▸ INSTRUCTIONS FOR THE TASK: If a picture appears in the records, leave it out and transcribe the rest exactly.

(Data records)
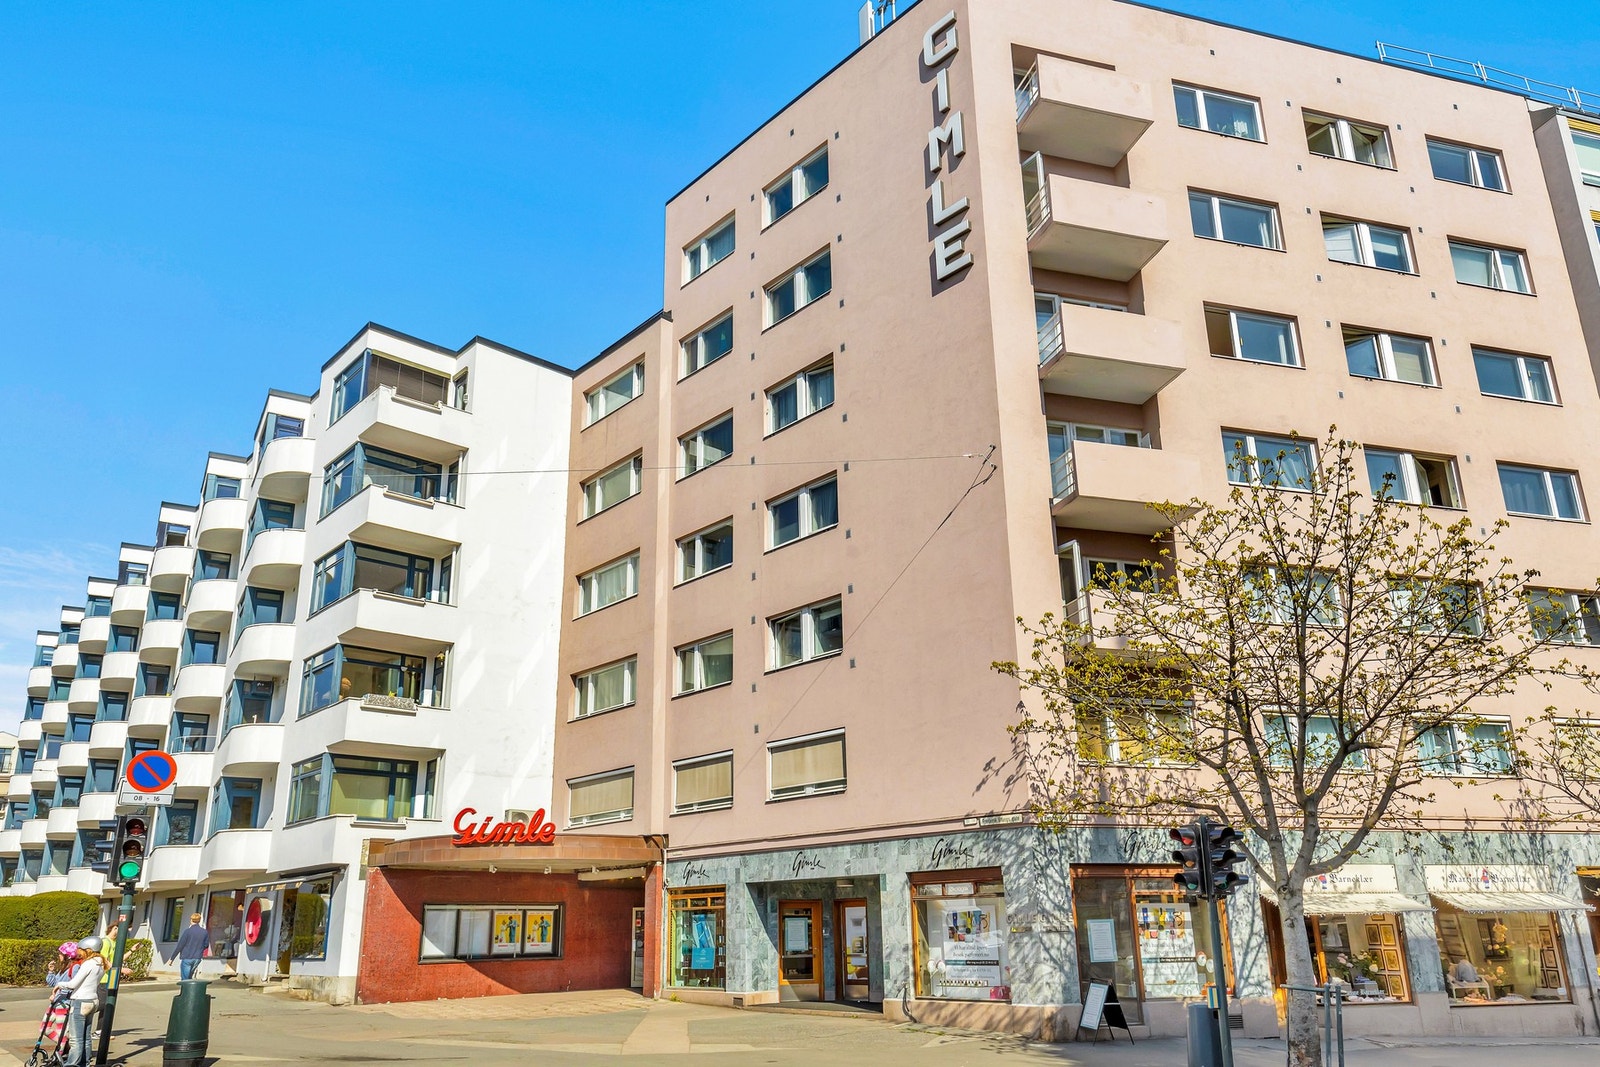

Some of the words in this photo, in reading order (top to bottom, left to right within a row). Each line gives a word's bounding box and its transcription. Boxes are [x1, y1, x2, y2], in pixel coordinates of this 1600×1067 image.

[923, 9, 974, 281] GIMLE
[452, 807, 557, 846] Gimle
[792, 851, 826, 877] Gimle
[931, 838, 974, 868] Gimle
[682, 861, 710, 885] Gimle
[1329, 873, 1374, 884] Barneklær

▸ YOUR SOLUTION:
Some of the words in this photo, in reading order (top to bottom, left to right within a row). Each line gives a word's bounding box and its transcription. Boxes are [x1, y1, x2, y2], in pixel coordinates of this 1600×1067 image.

[923, 9, 974, 281] GIMLE
[452, 807, 557, 846] Gimle
[792, 851, 826, 877] Gimle
[931, 838, 974, 868] Gimle
[682, 861, 710, 885] Gimle
[1329, 873, 1374, 884] Barneklær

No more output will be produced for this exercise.